Vice President of the Asian Football Confederation
- In office 2015–2023

Member of the FIFA Council
- In office 7 April 2019 – 10 January 2023

Personal details
- Born: 1 January 1957 Qatar
- Died: 10 January 2023 (aged 66) Doha, Qatar
- Occupation: Sports administrator, Fifa council member

= Saoud Al-Mohannadi =

Vice president of Qatar Football Association and Asian Football Confederation

Saoud Abdul Aziz M. Al Mohannadi (1 January 1957 – 10 January 2023), was the vice president of Qatar Football Association and vice president of the Asian Football Confederation. He was a member in the FIFA Council.

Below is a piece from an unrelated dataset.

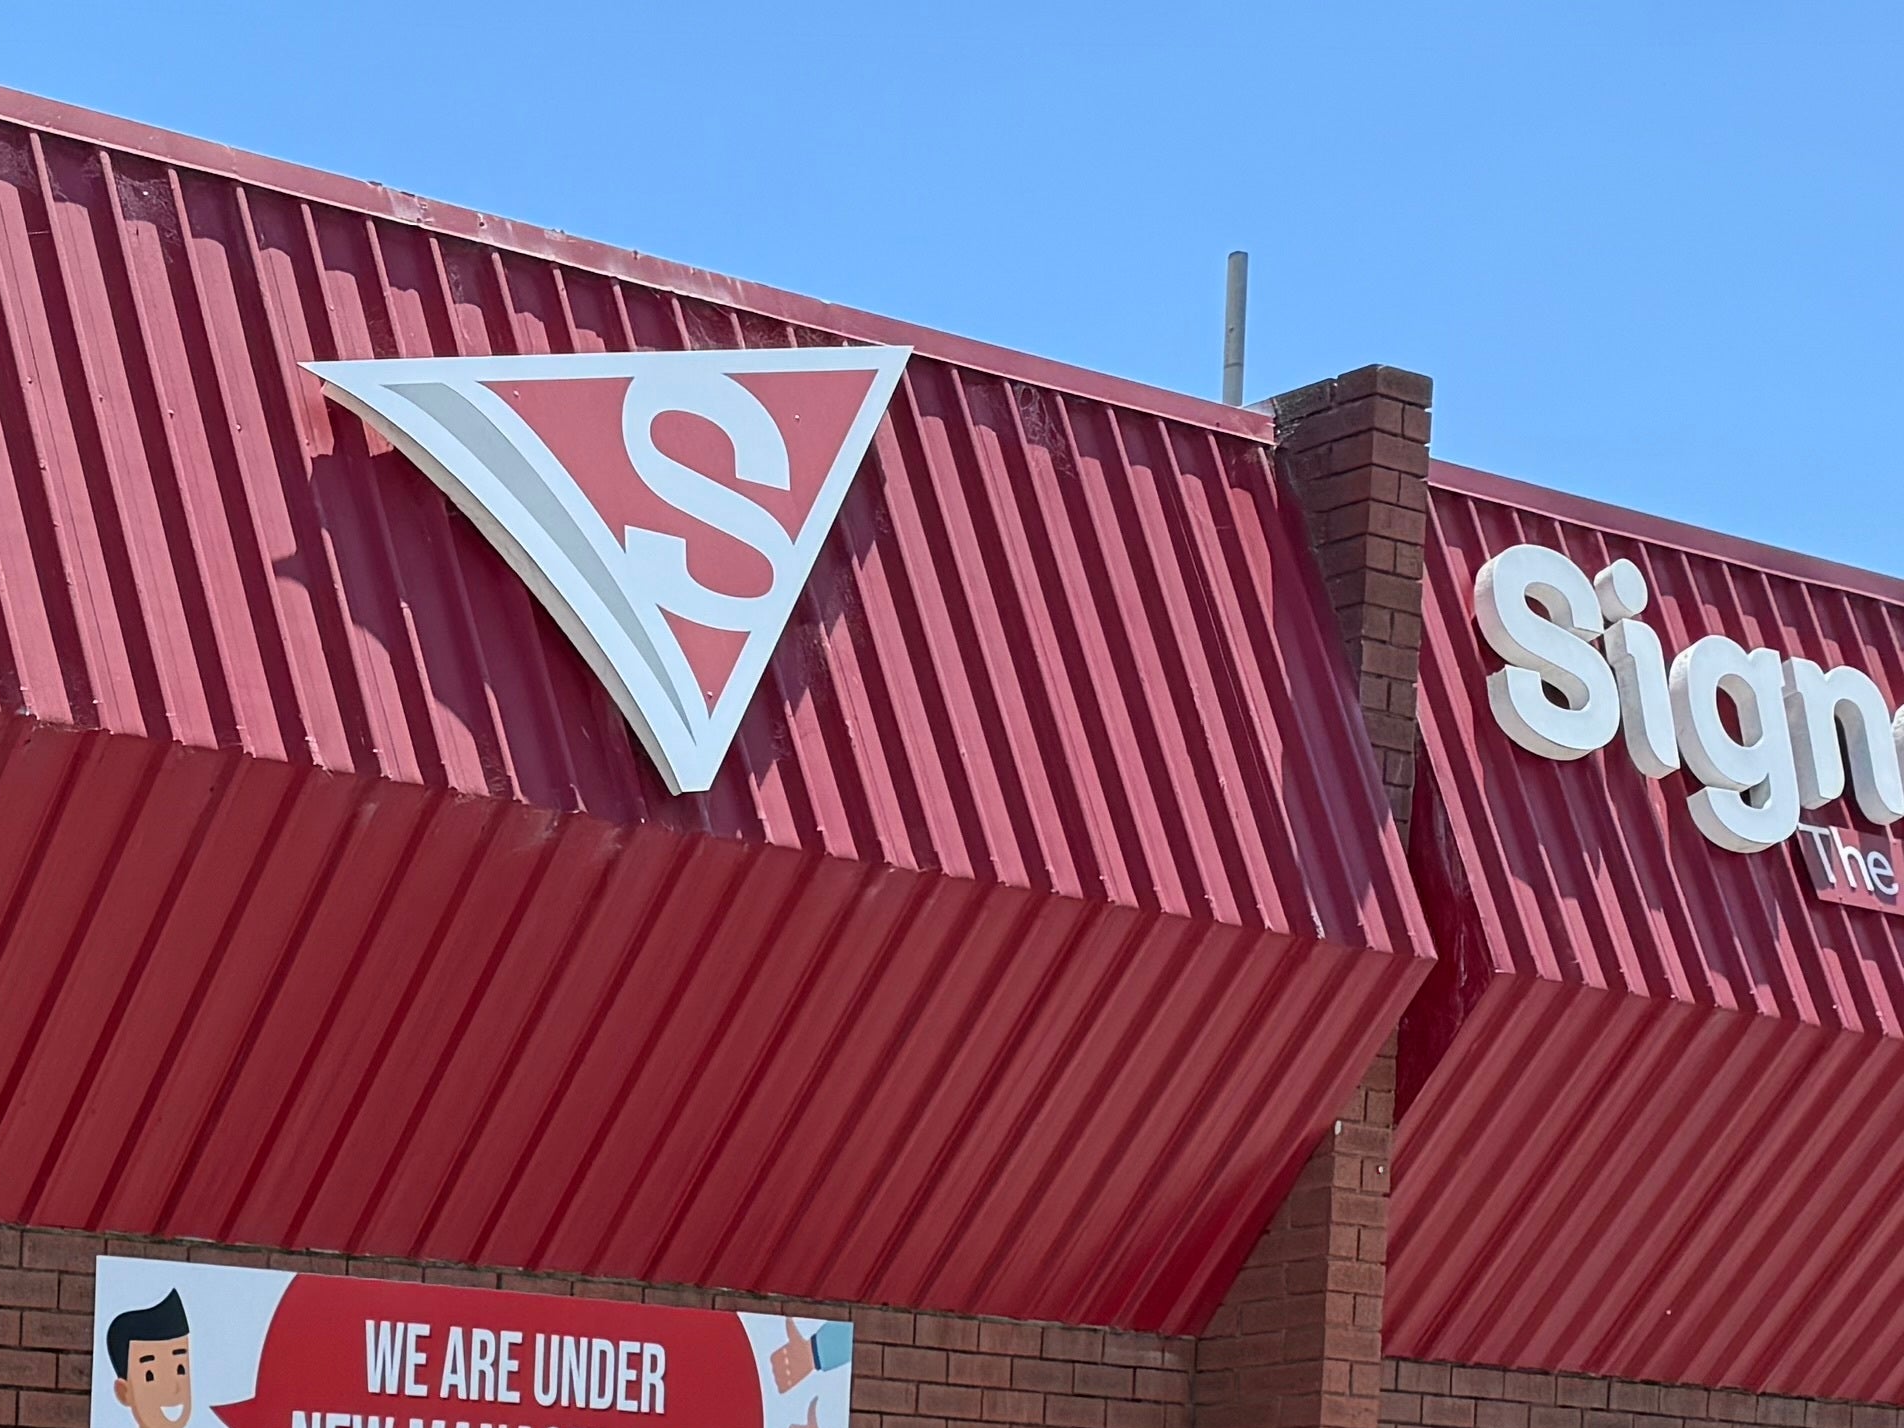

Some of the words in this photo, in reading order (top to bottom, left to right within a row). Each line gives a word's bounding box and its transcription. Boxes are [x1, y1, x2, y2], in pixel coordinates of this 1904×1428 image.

He was elected into the FIFA council during the Asia Football Confederation held in Lampur, Malaysia on 6 April 2019 for the sessions of 2019 to 2023 and was elected with a vote of 37 out of 46, along with three member of Asia Football to represent Asia in FIFA council.

== Career ==
Saoud since joining the AFC and QFA had been part of the committee organizing the AFC Asian Cup tournament during the 2011 Qatar tournament and 2015 Australian tournament. He had also served as secretary general of Qatar FA from 2001 to 2012.

Saoud died on 10 January 2023.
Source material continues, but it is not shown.